Cercasi inverno
26 gennaio 2016
I cambiamenti climatici influenzano il meteo su larga scala e nella nostra quotidianità. Un tema che interroga le chiese e ci richiama alle nostre responsabilità
Parlare di clima non vuol dire soltanto essere preoccupati per l'ambiente; l'argomento porta con sé anche altre responsabilità, etiche, morali e di giustizia. Come sappiamo il clima influenza direttamente l’economia umana e ancora prima le condizioni di vita delle persone: sempre più spesso parliamo di rifugiati climatici, persone obbligate a spostarsi perché i luoghi in cui vivono diventano sempre più inospitali.
Olav Fykse Tveit, segretario generale del Consiglio ecumenico delle chiese (Cec) ha più volte parlato dell’importanza dell’impegno politico riguardo i temi vicini ai cambiamenti climatici, soprattutto in concomitanza della Cop 21, i negoziati sul clima delle Nazioni Unite svoltisi a fine 2015, e di come l’impegno delle chiese possa partecipare a sollecitare azioni concrete in tal senso. Sulla questione dei rifugiati e dei profughi legati al clima, la stessa Cec è impegnata da anni perché siano essi riconosciuti: Guillermo Kerber, a capo del dipartimento del Consiglio ecumenico delle chiese per la cura del creato e la giustizia climatica aveva parlato di urgenza in questo processo di legittimazione.
Negli ultimi mesi l'Italia il clima è stato anomalo: siccità e temperature alte al nord e al centro, dove l'inverno sembra non arrivare; alluvioni e nevicate al sud. Anni di dibattito sul riscaldamento globale e sulle responsabilità umane sull'ambiente, ci portano a pensare che anche queste novità possano esserne una conseguenza.

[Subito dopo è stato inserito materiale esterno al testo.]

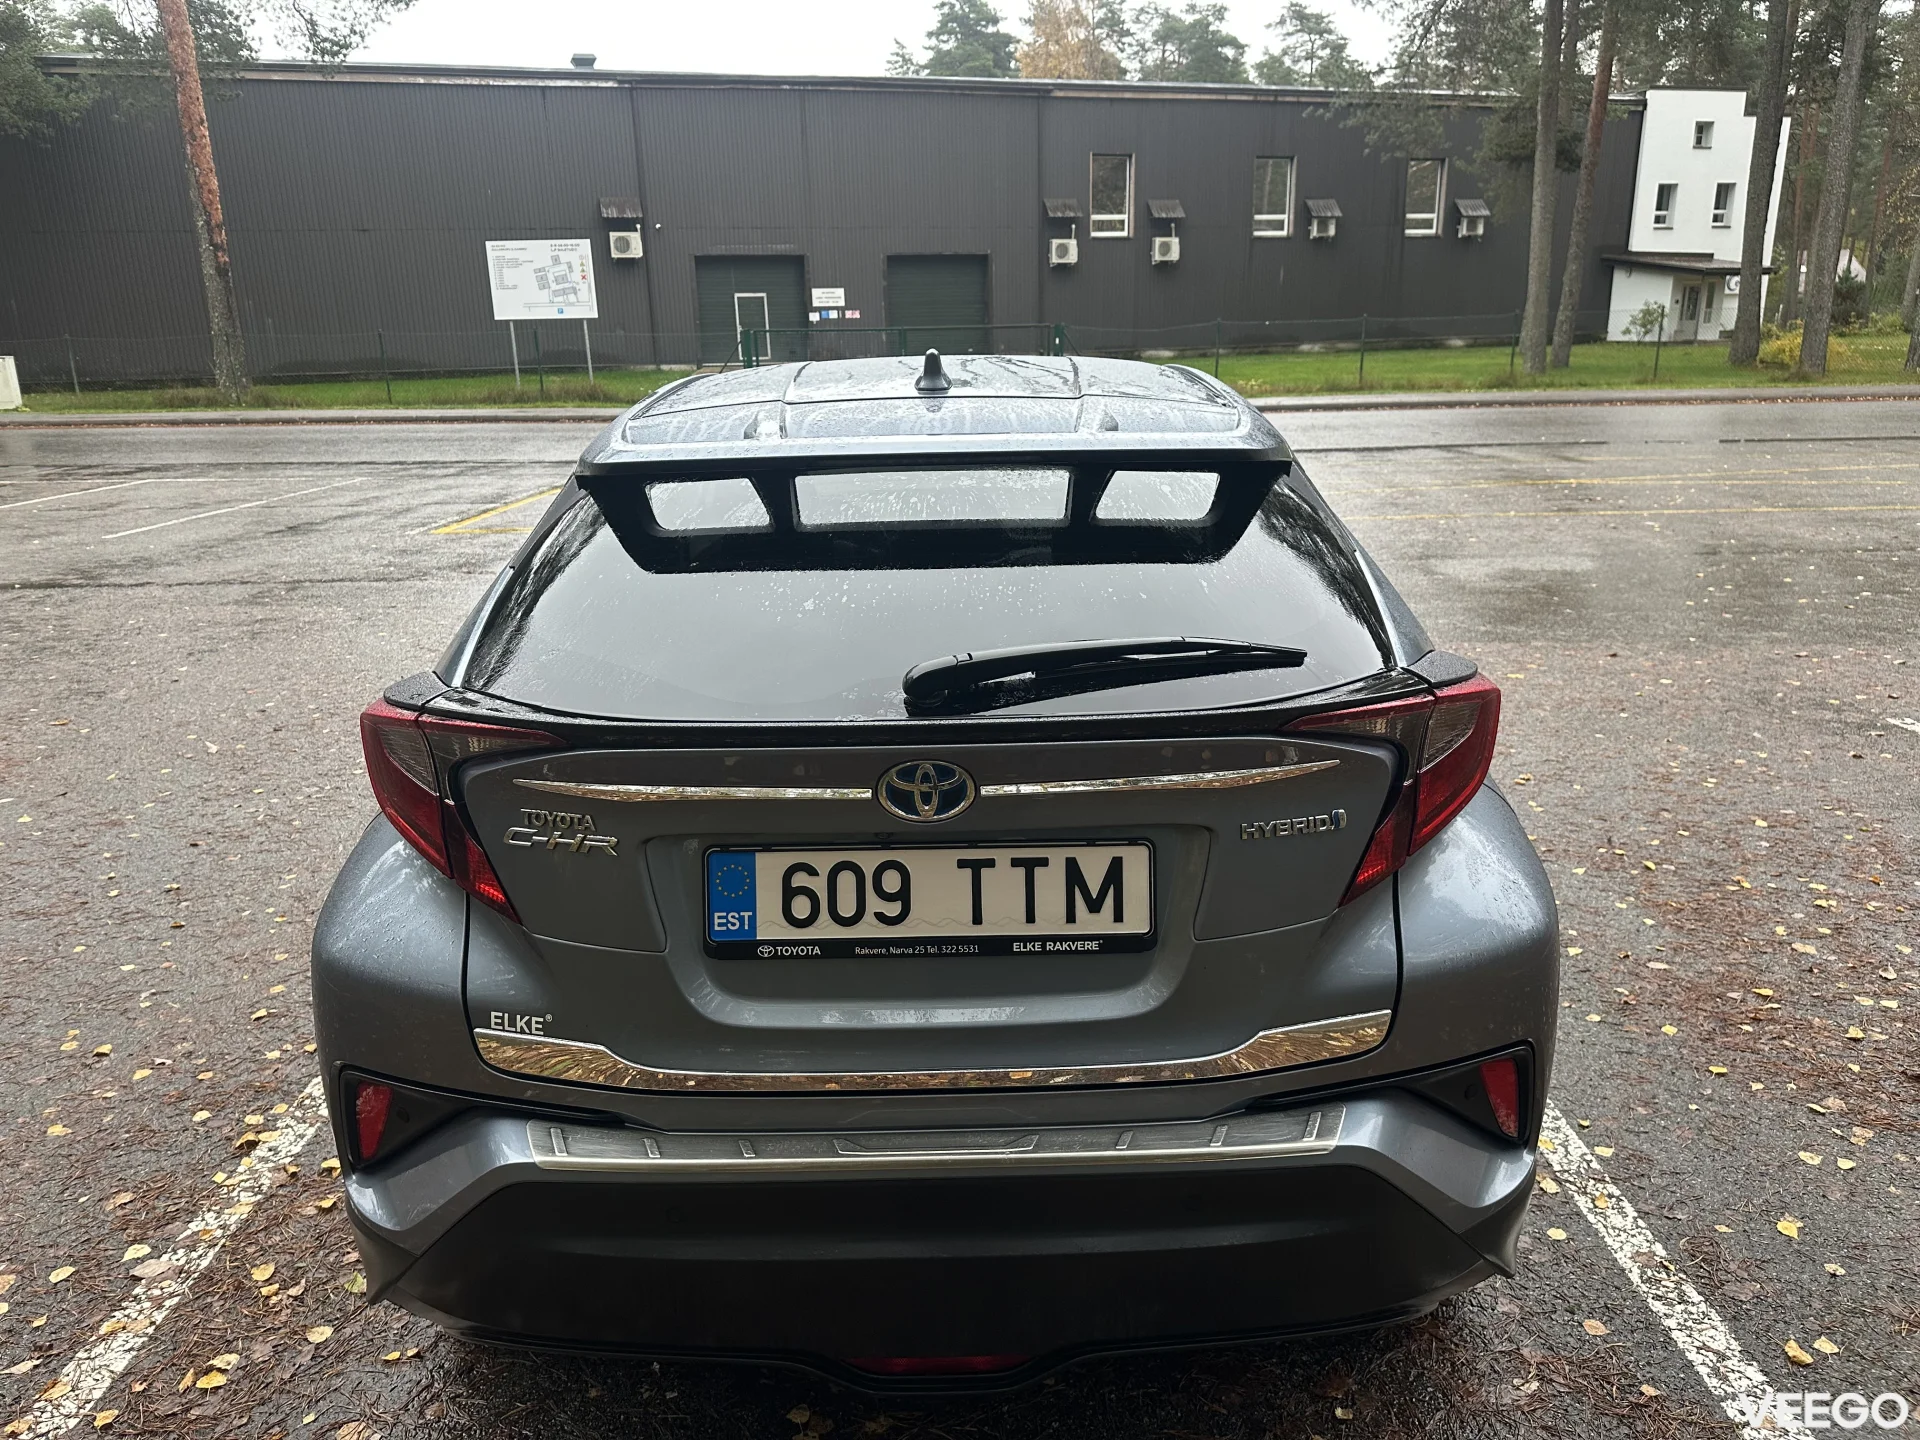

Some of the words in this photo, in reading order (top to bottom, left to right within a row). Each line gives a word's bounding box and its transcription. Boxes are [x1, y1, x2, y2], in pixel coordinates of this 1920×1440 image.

[520, 808, 596, 832] TOYOTA
[1241, 814, 1331, 840] HYBRID
[503, 826, 619, 856] C-HR
[781, 858, 912, 928] 609
[956, 856, 1124, 925] TTM
[714, 911, 753, 931] EST
[775, 946, 821, 956] TOYOTA
[855, 946, 889, 955] Rakvere,
[889, 946, 913, 954] Narva
[914, 945, 925, 954] 25
[926, 945, 940, 953] Tel.
[941, 945, 957, 953] 322
[958, 944, 979, 953] 5531
[1013, 942, 1042, 952] ELKE
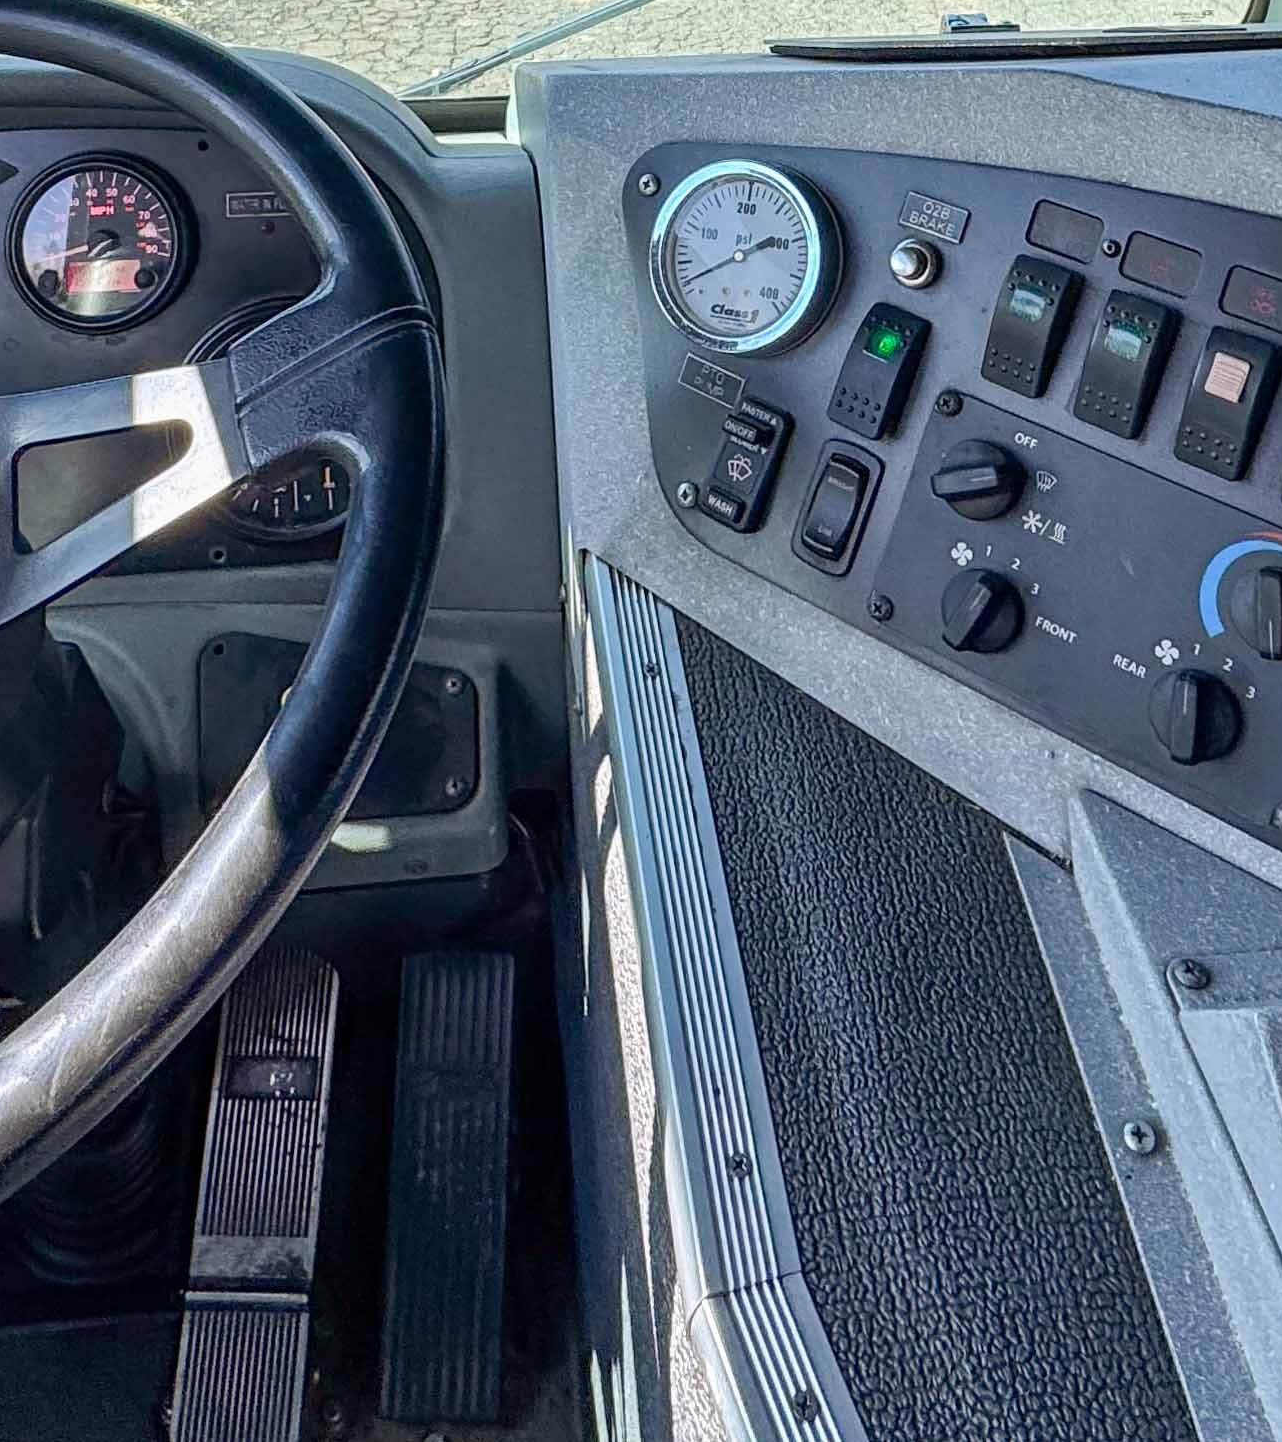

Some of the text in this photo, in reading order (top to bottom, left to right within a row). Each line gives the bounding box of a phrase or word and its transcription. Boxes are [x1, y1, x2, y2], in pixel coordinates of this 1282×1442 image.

[90, 204, 114, 217] MPH
[737, 202, 757, 215] 200
[909, 210, 956, 237] BRAKE
[701, 227, 718, 240] 100
[736, 233, 752, 247] psi
[759, 286, 780, 300] 400
[724, 420, 757, 442] ON/OFF
[1015, 432, 1038, 449] OFF
[707, 493, 735, 517] WASH
[986, 545, 993, 557] 1
[1011, 558, 1021, 570] 2
[1031, 583, 1040, 595] 3
[1035, 616, 1078, 643] FRONT
[1194, 644, 1201, 656] 1
[1113, 654, 1146, 678] REAR
[1223, 658, 1233, 672] 2
[1246, 686, 1256, 699] 3
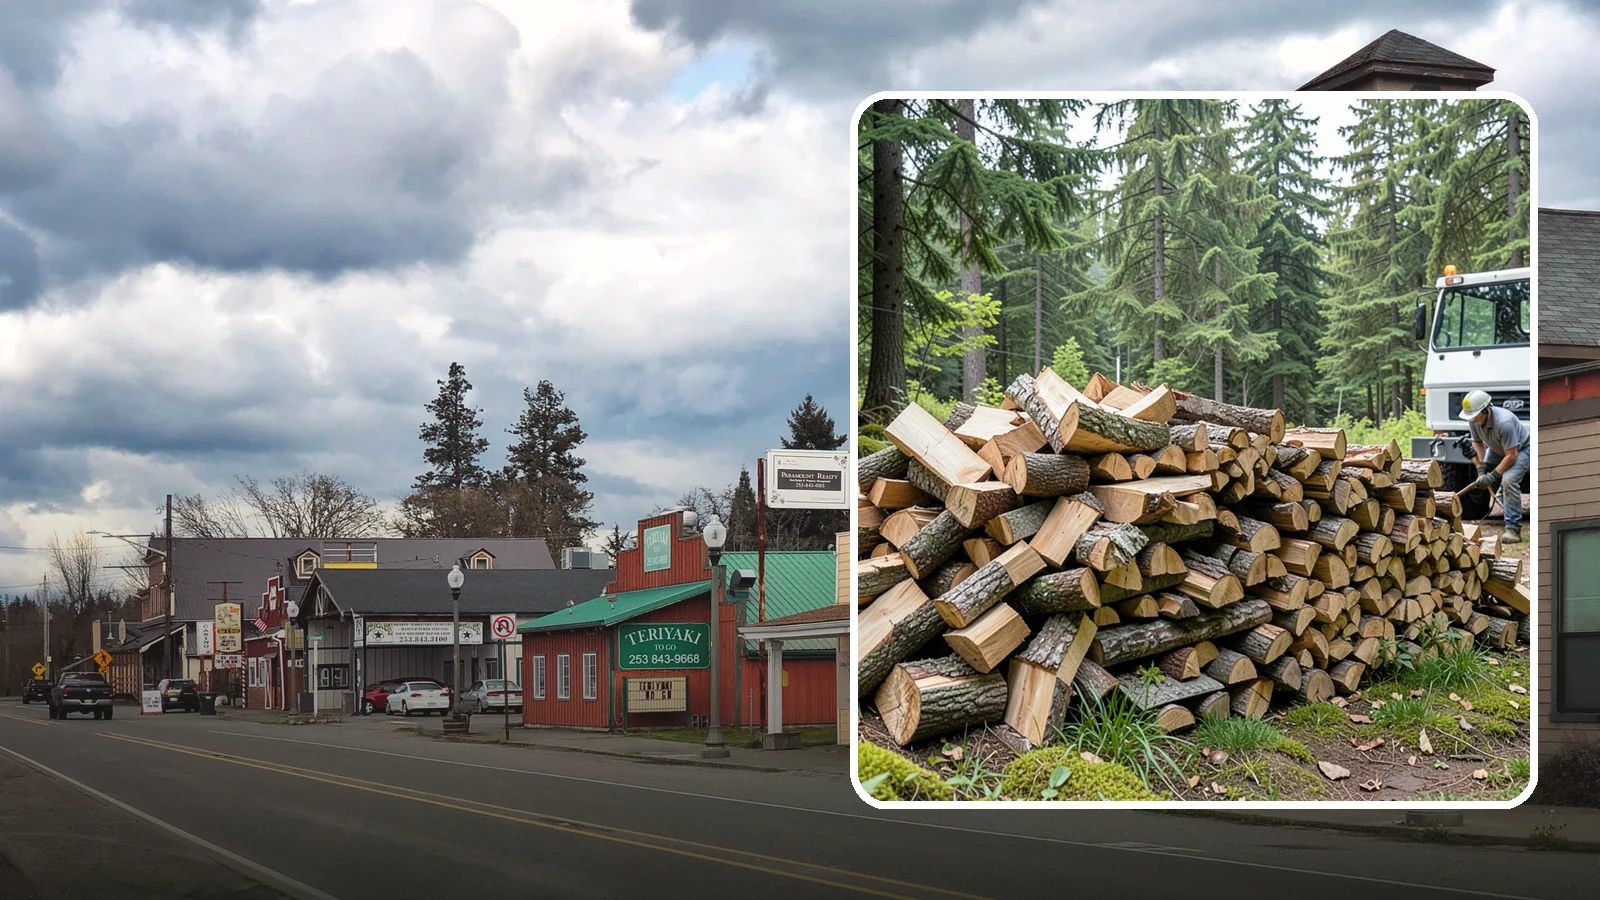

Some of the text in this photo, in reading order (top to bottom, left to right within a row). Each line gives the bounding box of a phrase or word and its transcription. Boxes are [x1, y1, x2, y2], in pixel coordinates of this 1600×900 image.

Ma parlando di siccità «non possiamo fare un collegamento diretto con il riscaldamento globale e con i cambiamenti climatici – dice Daniele Cat Berro della Società Meteorologica Italiana e redattore di Nimbus – le siccità, così come le alluvioni, fanno parte della nostra storia climatica: quest'anno l'assenza di acqua è particolarmente pronunciata e precoce. La causa probabilmente è stata un’anomala persistenza degli anticicloni sull’Europa meridionale. Ciò che possiamo dire è che le temperature eccezionalmente elevate in montagna sono indubbiamente legate ai cambiamenti climatici dovuti all’attività umana».
L'assenza di acqua può essere un problema anche per le riserve idriche, su scala più ampia: «In questo momento i ghiacciai dormono tranquilli sotto la neve – continua Cat Berro – ma se dovessero mancare le nevicate primaverili allora avremo un problema grave, perché i ghiacciai si peleranno con i primi caldi estivi. Su di una scala di secoli, ma anche solo di decenni, la tendenza è comunque quella dello scioglimento: le proiezioni indicano che alla fine del XXI secolo rimarrà ben poco dei ghiacciai alpini, meno del 10 % dell’area attuale. Questo significa la sparizione di tutti i ghiacciai al di sotto dei 3500 metri. Man mano che progredirà questa diminuzione, avremo un’alterazione dei regimi idrici: meno acqua in estate, diversa stagionalità dell’afflusso dell’acqua, meno turismo». Ma i problemi più gravi saranno probabilmente lontani dalle montagne: «l’acqua finisce negli oceani e ne determina l’innalzamento del livello (parlando dei grandi ghiacciai dell’Antartide e della Groenlandia). Se nel 2100 avremo un mare un metro più alto – conclude il ricercatore – questo vorrà dire grandi migrazioni, centinaia di milioni di persone che si sposteranno, poiché le zone in cui vivono saranno allagate e avremo sempre più rifugiati climatici di cui si parla troppo poco e troppo lentamente».